AVIS D’EXPERT – Selon un rapport de Forrester pour Unqork, 40 % des budgets IT d’entreprises sont consacrés à la maintenance de logiciels existants et systèmes hérités, ce qui amène à la question de la dette technique. Cette dernière est à prendre très au sérieux au sein des organisations, car elle est susceptible d’entrainer des coûts de maintenance élevés, un risque d’erreurs plus important ainsi qu’une perte de vitesse en termes d’innovation et de compétitivité. Dirk Schrader, Field CISO EMEA et vice-président Security Research de Netwrix, nous explique qu’il existe cependant des solutions pour palier cette difficulté que rencontrent nombre d’entreprises.
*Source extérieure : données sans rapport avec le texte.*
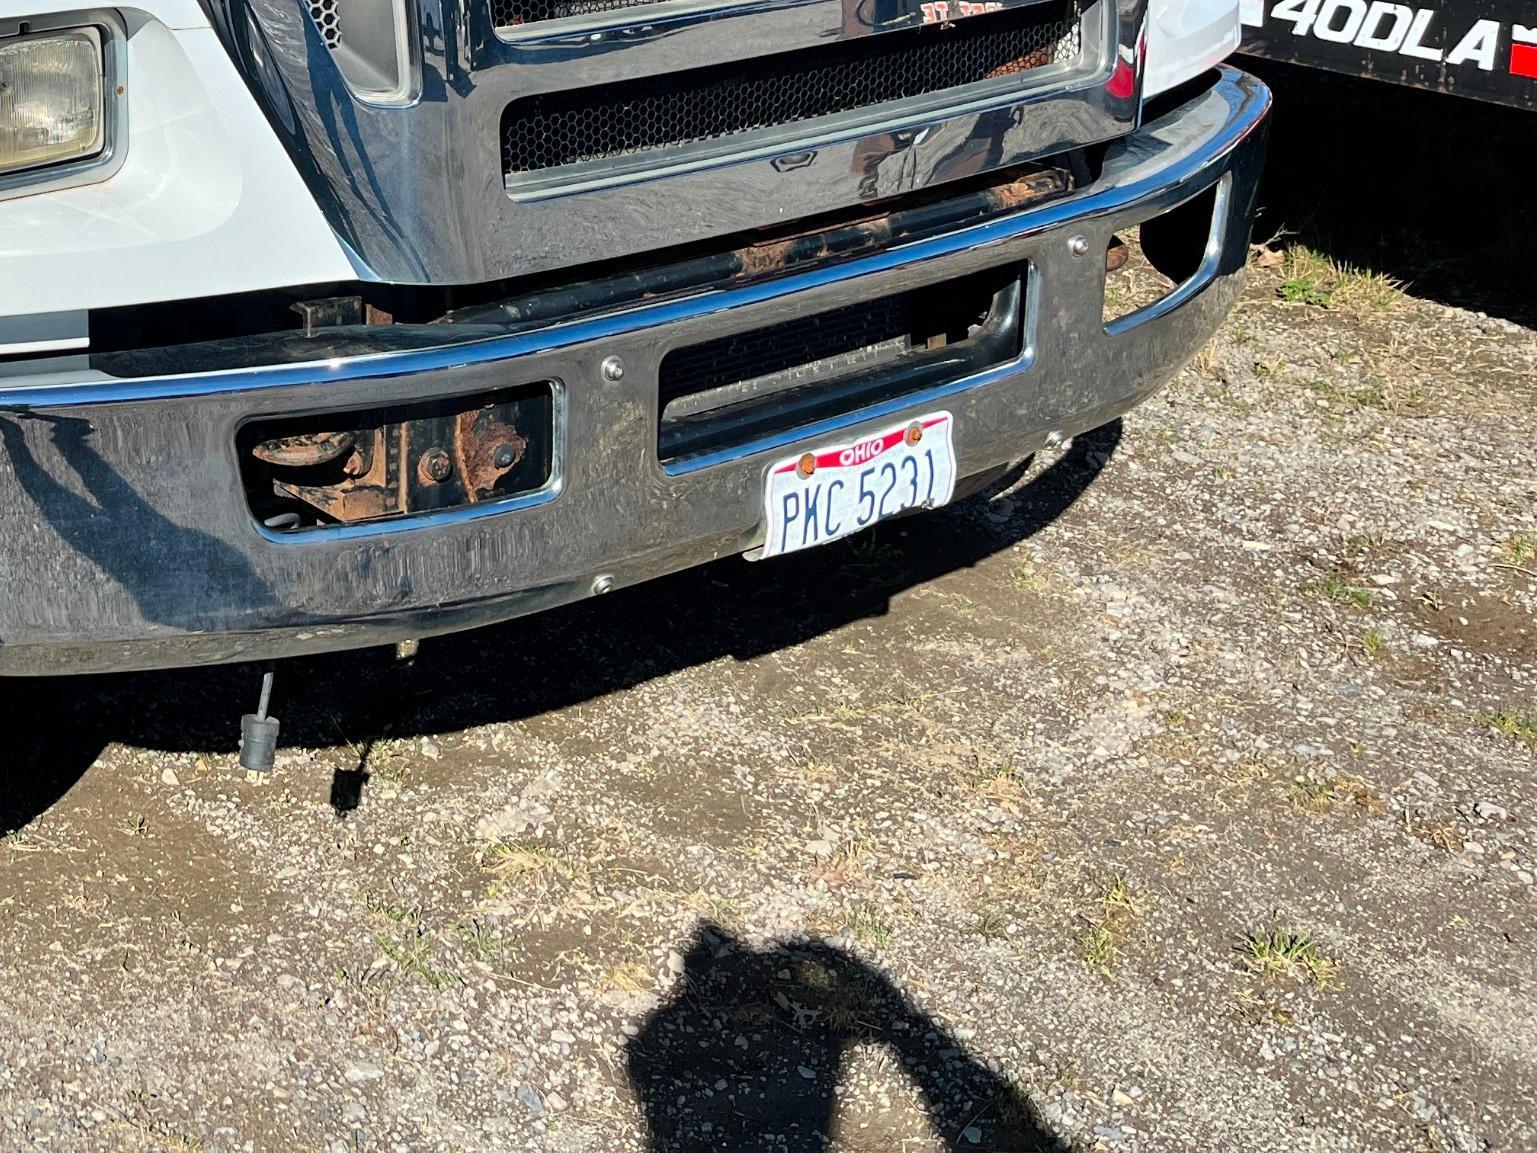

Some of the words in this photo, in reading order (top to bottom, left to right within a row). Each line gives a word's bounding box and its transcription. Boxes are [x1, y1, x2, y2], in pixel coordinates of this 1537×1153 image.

[839, 438, 884, 466] OHIO
[781, 479, 845, 553] PKC
[856, 448, 935, 526] 5231
Imaginons l’hypothèse suivante : une maison construite il y a un siècle est achetée. Pour assurer le confort et la sécurité de la famille qui s’y installe, celle-ci décide de moderniser la plomberie et le système électrique afin d’assurer leur conformité aux normes modernes. Cependant, elle ne dispose d’aucun schéma pour guider les travaux et doit mener le chantier en laissant les ampoules allumées et les robinets ouverts. Ce scénario reflète les obstacles que rencontrent les entreprises qui utilisent des systèmes informatiques « historiques », c’est-à-dire des équipements, des applications ou des méthodes hors d’usage, mais qui sont encore utilisés quotidiennement. Pour certains processus opérationnels, nombre d’entreprises continuent par exemple d’utiliser un système d’exploitation dépassé tel que Windows 7, un ancien système de gestion de base de données comme Oracle 8i ou SQL Server 2000, ou encore des protocoles d’authentification, de chiffrement ou de connectivité qui sont désormais trop anciens pour être performants. Tout comme les installations dans une maison ancienne, ces systèmes hérités sont utilisés en permanence, de sorte que les entreprises ne peuvent s’en débarrasser. Toutefois, une refonte importante est indispensable pour répondre aux normes de conformité et de sécurité en vigueur, ce qui représente un processus aussi difficile et que risqué.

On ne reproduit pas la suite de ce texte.